Abstract 16253: Which is the Optimal Pharmacogenetic Algorithm for Guiding Warfarin Initiation? Comparison among 3 Leading Algorithms
Background: Warfarin therapy is limited by highly variable individual dose requirements, a narrow therapeutic window, and a high risk of adverse events associated with out-of-range prothrombin times. Several pharmacogenetic (PG) algorithms have been proposed to improve warfarin efficiency and safety. This study compared 3 leading algorithms: Gage (Washington University), International Warfarin Pharmacogenetics Consortium (IWPC), and CoumaGen-II for ability to predict stable maintenance dose (MD) in a large prospective study.
Methods: Patients (pts) enrolled in the CoumaGen-II study (NCT00927862) were evaluated. Individual patient clinical and genetic (CYP2C9, VKORC1) information was entered into previously published and on-line Gage and IWPC algorithms and the prospectively defined CoumaGen-II algorithm and MDs computed. Absolute differences between computed MDs and actual MDs were compared. An empiric dose of 5mg/d served as a virtual control. Differences between algorithms were compared using Friedman’s non-parametric analysis of related samples. Equivalence testing was evaluated using a tolerance of ±0.2 mg/d.

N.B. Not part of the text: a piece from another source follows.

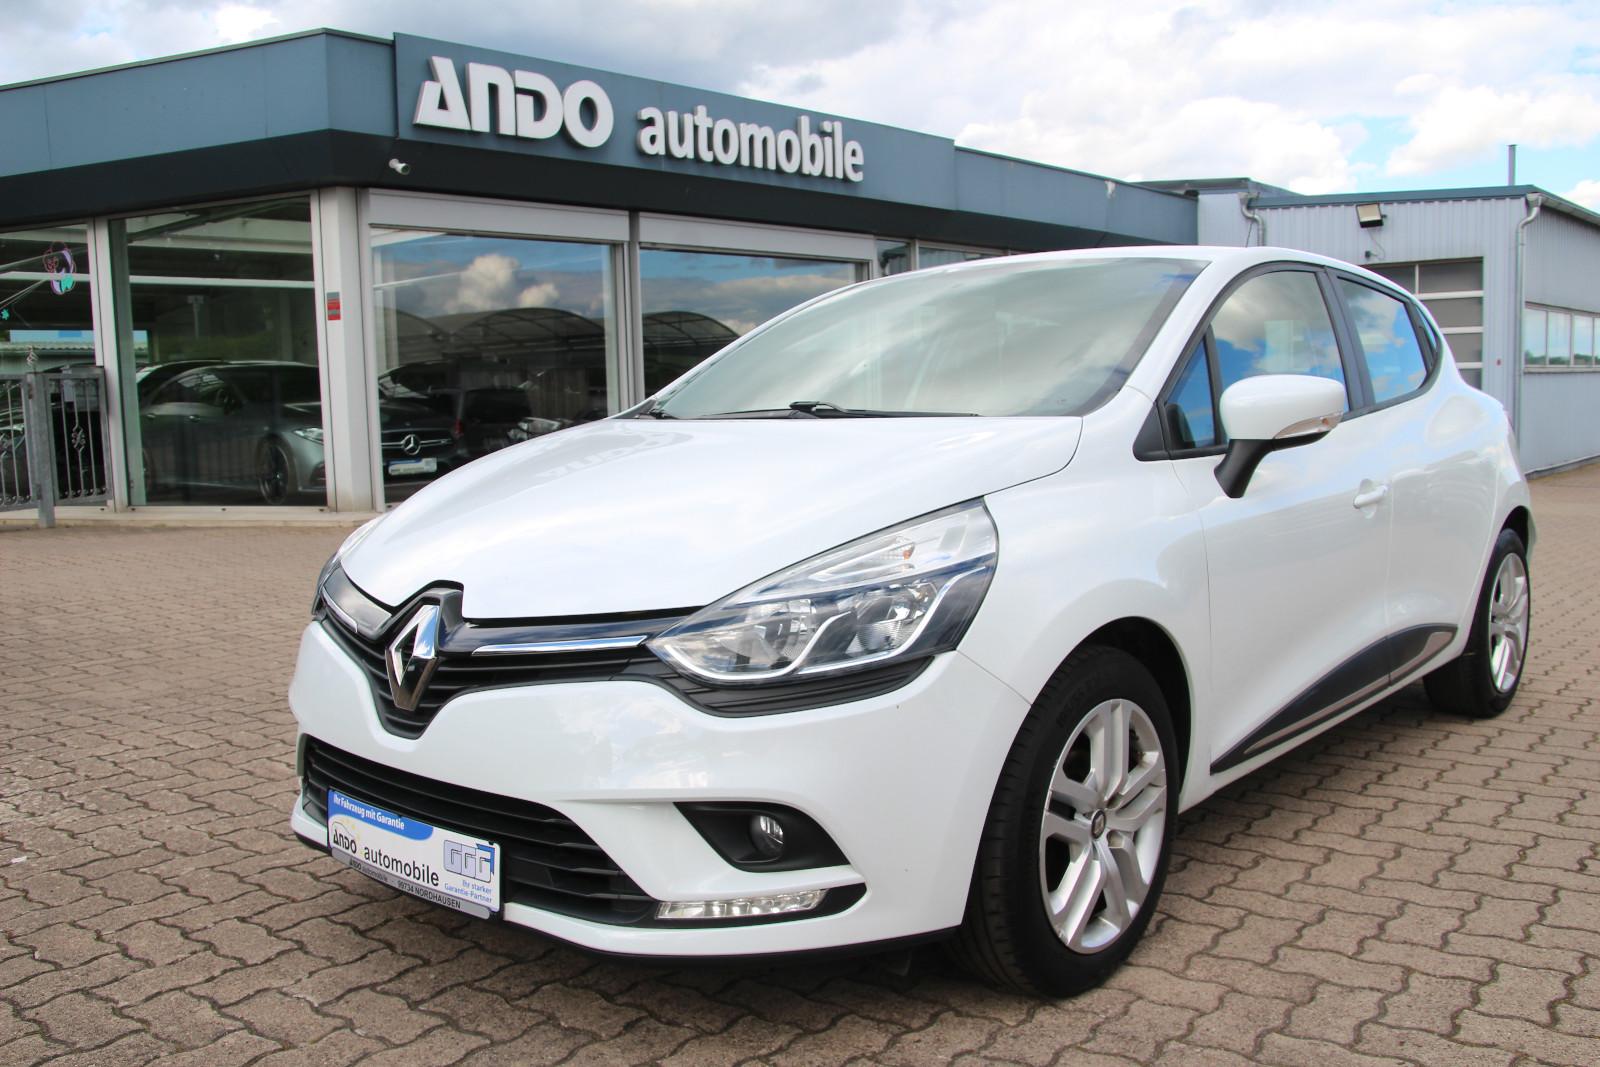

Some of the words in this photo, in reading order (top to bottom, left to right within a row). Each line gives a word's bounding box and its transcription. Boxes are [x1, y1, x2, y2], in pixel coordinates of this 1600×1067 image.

Results: Of 504 pts randomized, 444 reached a stable MD; 16 of these were excluded for missing data. Of 428 study pts, age averaged 61±14 y; 53% were female; 96% were white. Absolute differences (mg/d) between calculated and actual MD were small and not significantly different (p=0.17) among the 3 algorithms: Gage: median= 0.84, IQR=0.38-1.57; IWPC: median=0.83, IQR= 0.38-1.59; CoumaGen-II: median=0.76, IQR=0.32-1.58 mg/d. Equivalence testing showed all between-method comparisons to be equivalent after correcting for multiple comparisons (all p≤0.0018). In contrast, an empirically assumed fixed initial dose of 5mg/d was associated with a 1.43, IQR 0.57-2.43 absolute dose error, markedly worse (p<0.001) than with any of the 3 algorithms.
Conclusions: PG-guided warfarin dosing by each of 3 leading algorithms provided statistically equivalent estimates of MD and substantially improved predictions over fixed empiric dosing. Therefore, selection among these algorithms may be based on convenience of access and local preference, with the caveat that results may differ in non-Caucasian populations.
- © 2012 by American Heart Association, Inc.